その騒動の裏で、レーニにとって一番の気がかりであった闇歩者スビアとの因縁を断ち切ったことにより、レーニに思い残す事はもう無かった。ヒトクイにとっての驚異は何も無くなったと、自分の役割は全て終わったのだと思っていた。
ガウルドに被害はでたものの、強く折れない心を持つガウルドの人々は常に前を向き今日までガウルドの復興を成し遂げてきた。そんなガウルドの人々を見て、もう自分は本当に役目を終えたのだとレーニは表舞台から身を引く事を決意したのであった。
「頃合い……?」
レーニの言葉に首を傾げるスプリング。露骨に納得できないという表情をするスプリングにレーニは笑みを浮かべる。

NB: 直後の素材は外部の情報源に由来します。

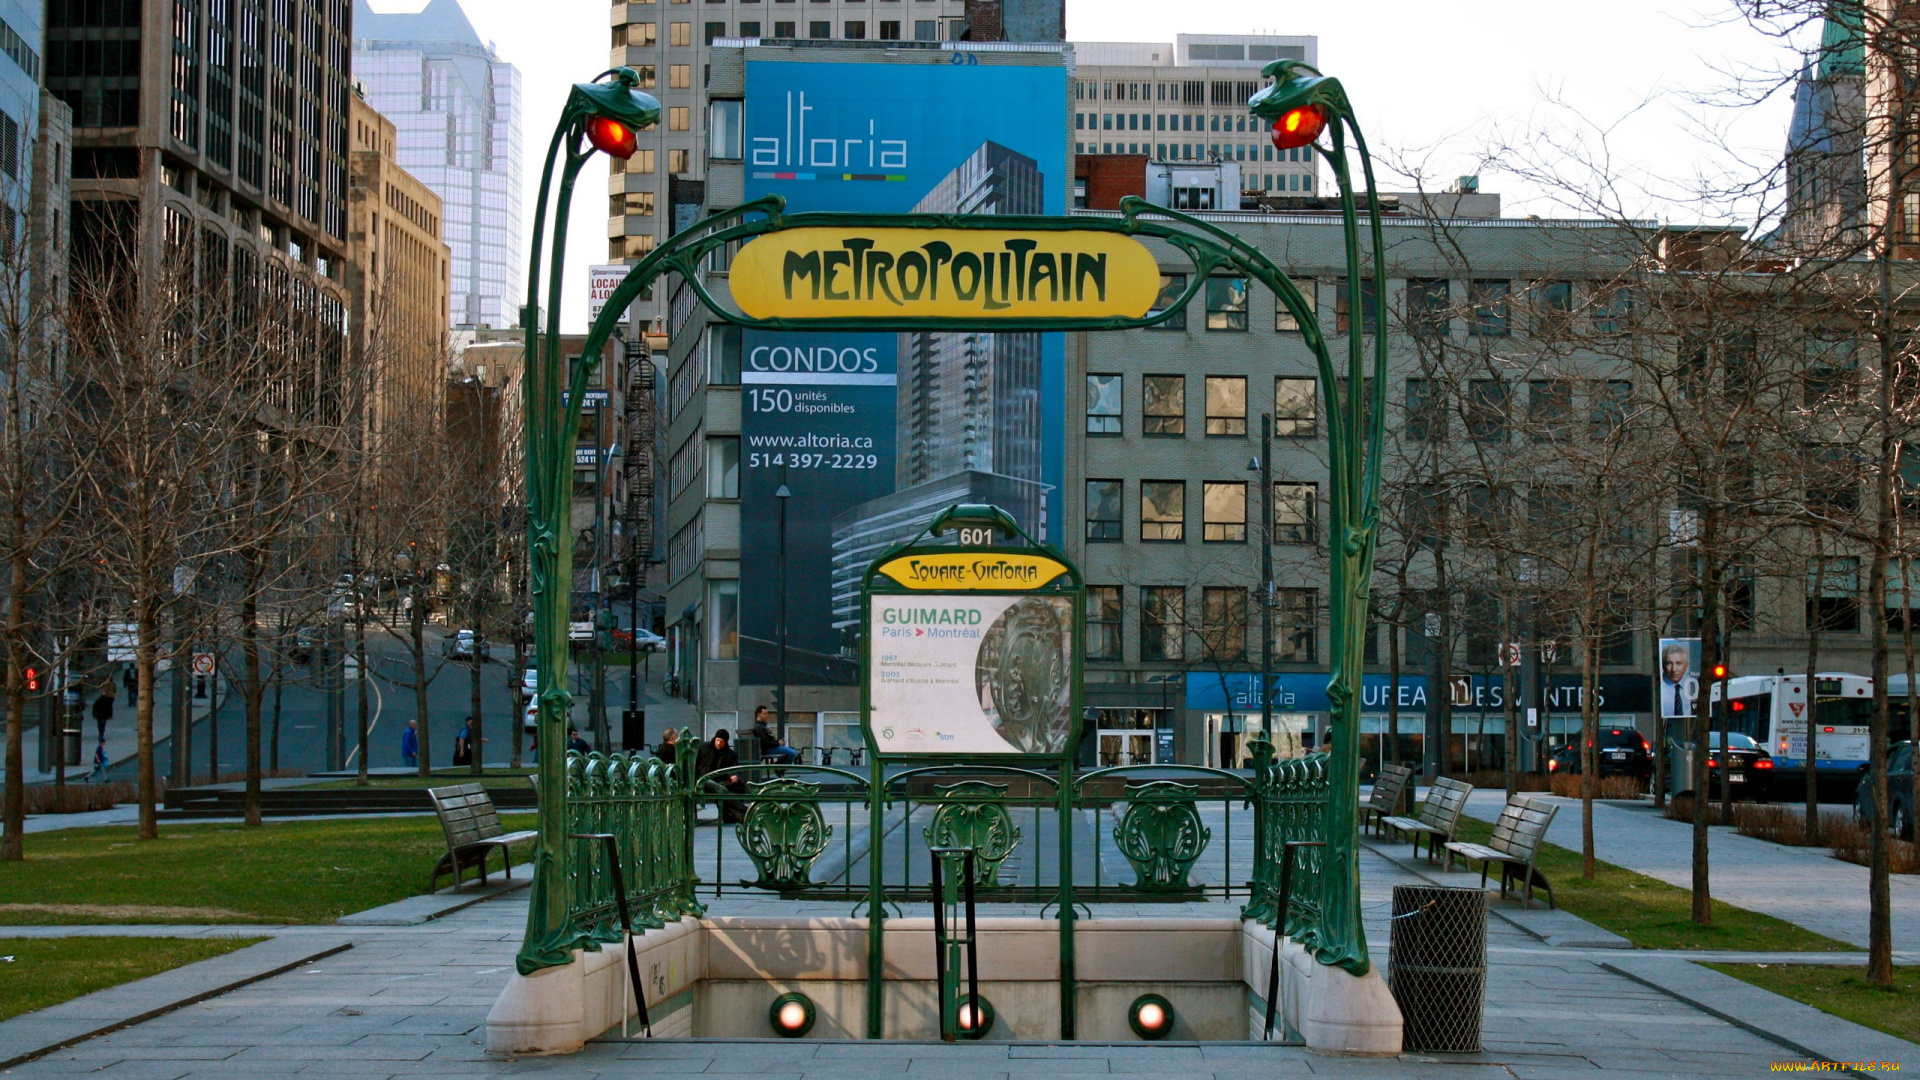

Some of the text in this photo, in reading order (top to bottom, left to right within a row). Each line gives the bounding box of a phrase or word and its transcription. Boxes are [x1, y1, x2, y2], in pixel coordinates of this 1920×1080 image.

[753, 91, 907, 168] altoria
[783, 237, 1107, 310] METROPOLITAIN
[750, 346, 878, 373] CONDOS
[749, 389, 827, 412] 150 unités
[795, 402, 855, 415] disponibles
[750, 432, 873, 448] www.altoria.ca
[750, 453, 878, 469] 514 397-2229
[960, 528, 992, 545] 601
[909, 560, 1037, 582] SQUARE-VICTORIA
[883, 608, 982, 625] GUIMARD
[882, 627, 980, 638] Paris Montréal
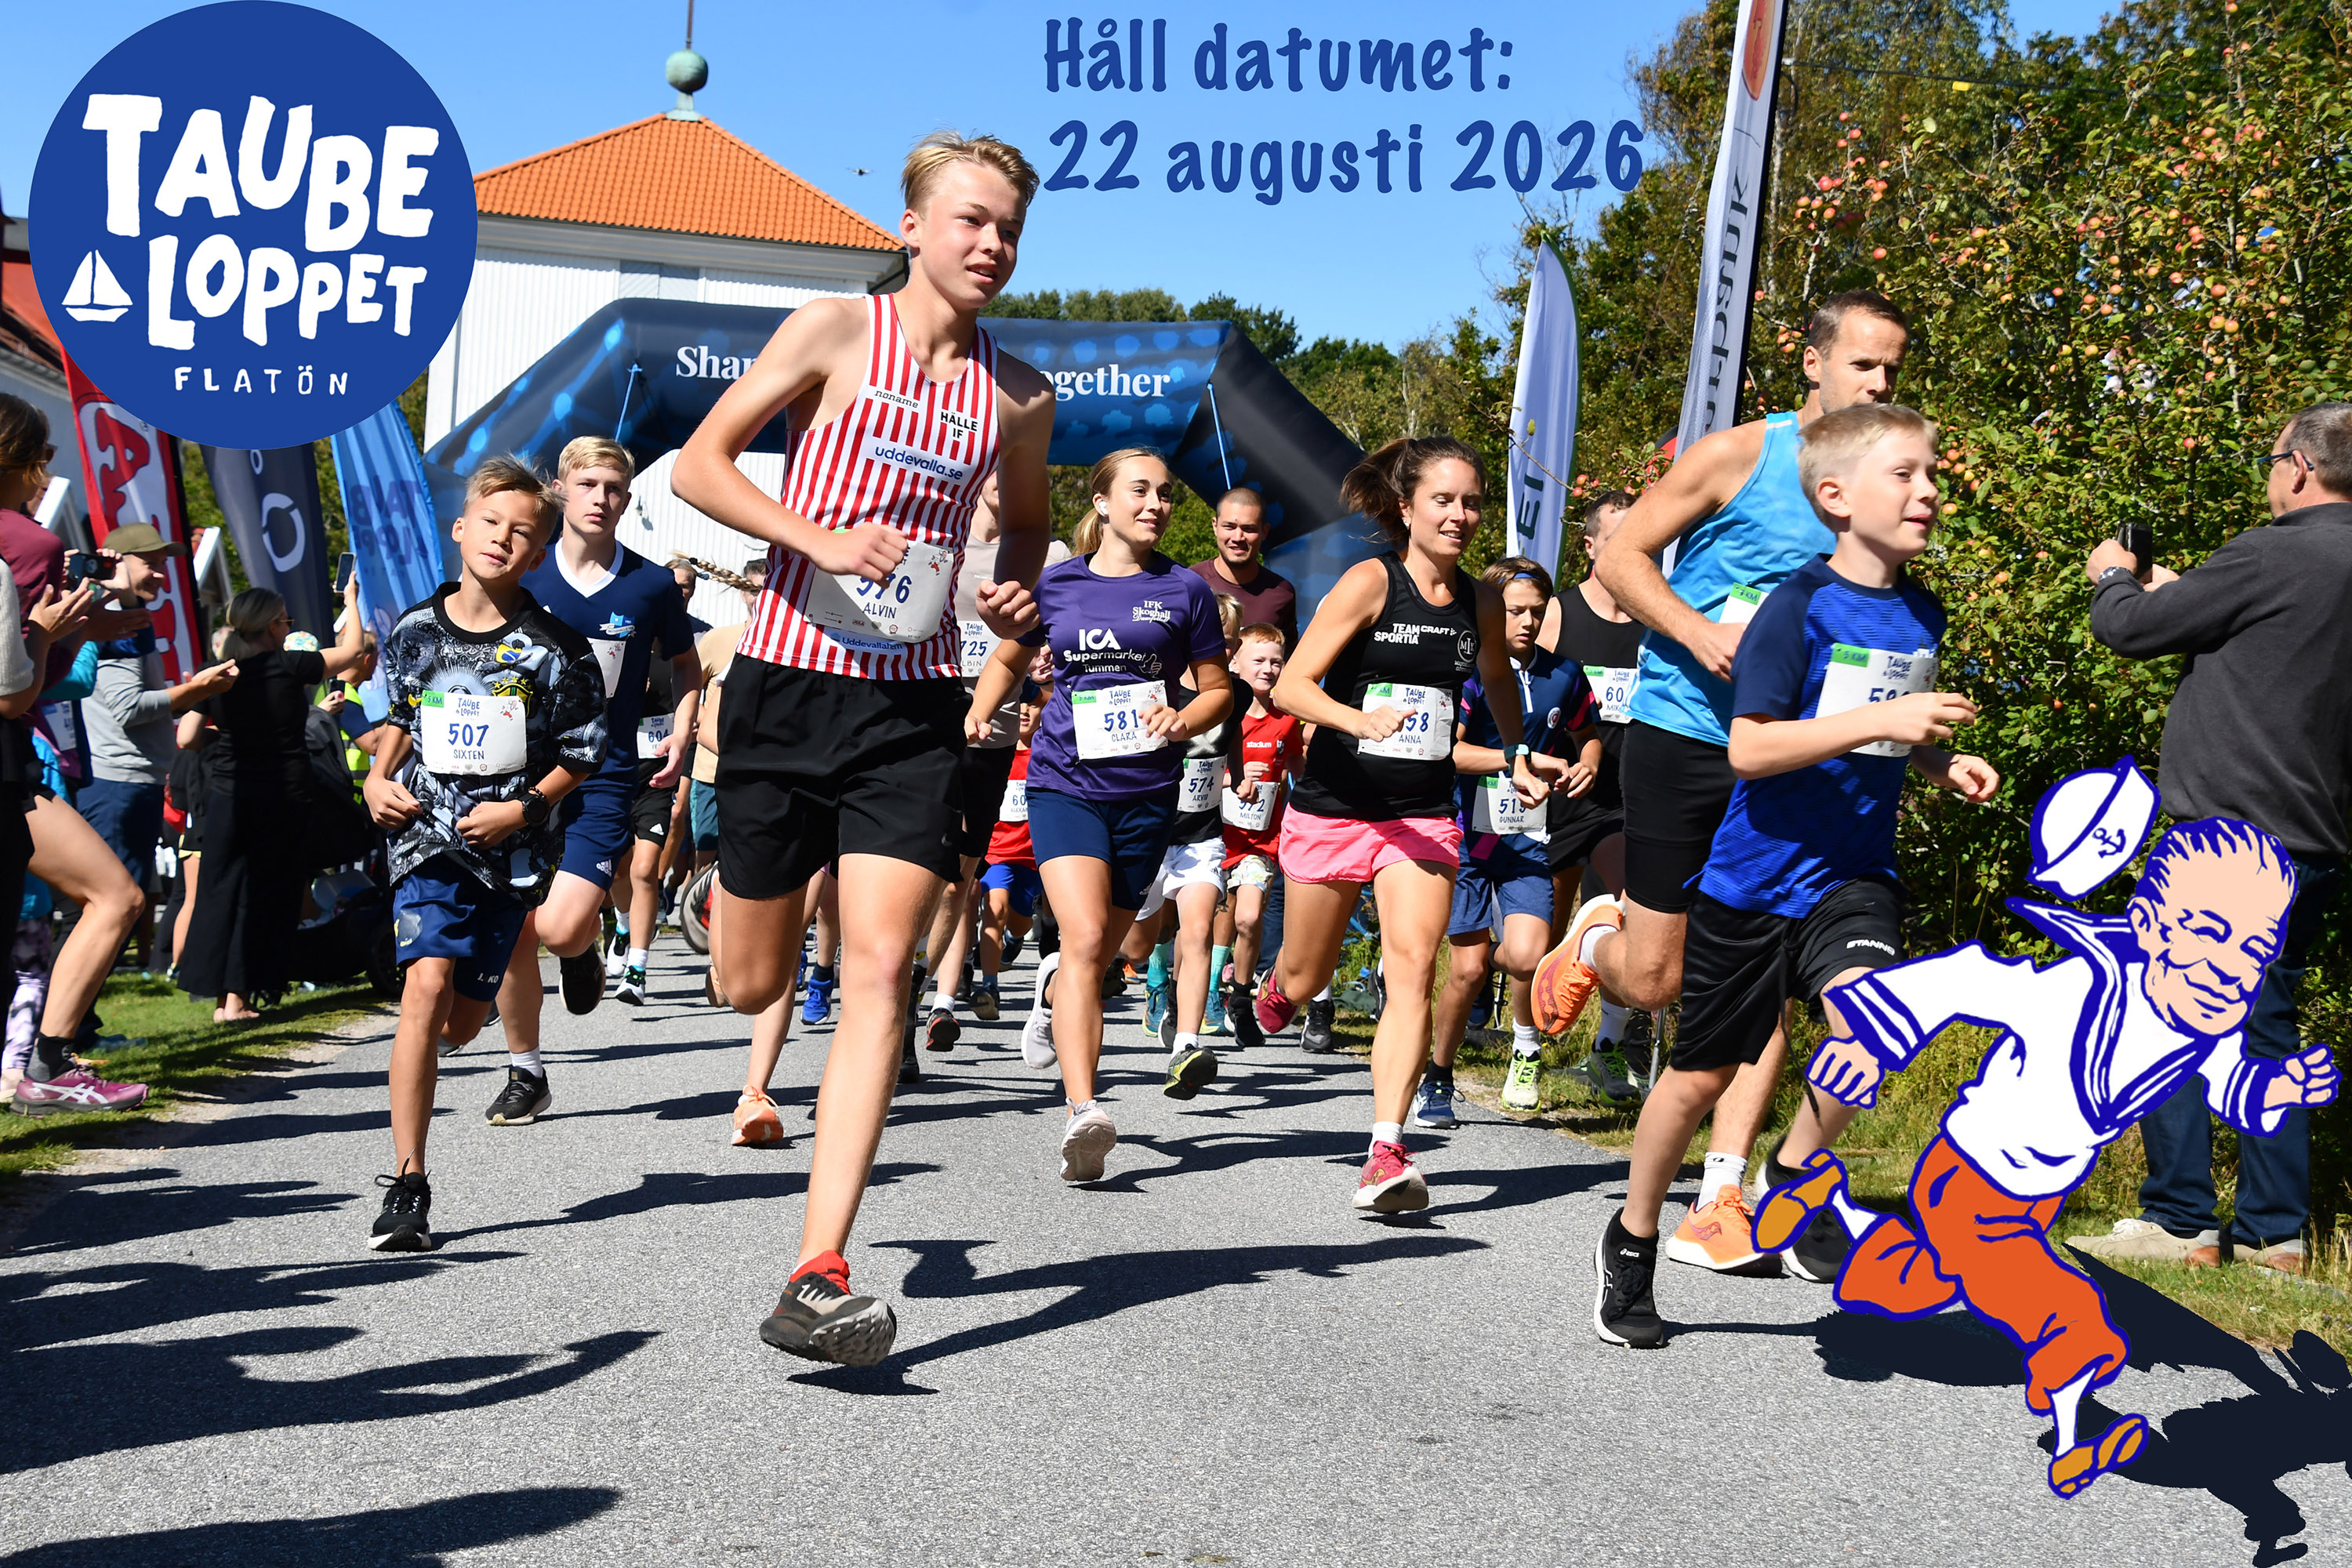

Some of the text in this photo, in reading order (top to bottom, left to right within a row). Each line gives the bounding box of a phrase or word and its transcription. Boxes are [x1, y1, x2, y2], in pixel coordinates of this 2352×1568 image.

[875, 390, 918, 408] noname
[941, 412, 978, 431] HÄLLE
[953, 428, 963, 438] IF
[875, 447, 963, 480] uddevalla.se
[862, 602, 897, 619] ALVIN
[1144, 601, 1163, 609] IFK
[1132, 607, 1171, 619] Skoghall
[1392, 623, 1450, 635] TEAM CRAFT
[1079, 628, 1121, 651] ICA
[1374, 631, 1420, 644] SPORTIA
[1063, 648, 1146, 662] Supermarket
[1083, 664, 1127, 673] Tummen
[1109, 690, 1131, 699] TAUBE
[1406, 688, 1425, 699] TAUBE
[1606, 687, 1624, 702] 60
[458, 698, 480, 710] TAUBE
[460, 708, 479, 717] LOPPET
[1104, 709, 1138, 731] 581
[1406, 712, 1429, 732] 58
[448, 723, 489, 747] 507
[1112, 731, 1138, 742] CLARA
[1399, 734, 1421, 744] ANNA
[453, 750, 485, 760] SIXTEN
[1188, 776, 1214, 793] 574
[1012, 794, 1026, 806] 60

「スプリングさんが言いたい事はわかります、何が頃合いなのかと……私もガウルドの人々が私に対して投げかけてくれた言葉を聞いて、それに気付いたんです……そして聖狼に言われた言葉、「あんたは逃げている」という言葉で私はさらに気付かされました……」
聖狼という言葉にスプリングとその後で隠れるようにしてレーニを見ていたソフィアは反応を示した。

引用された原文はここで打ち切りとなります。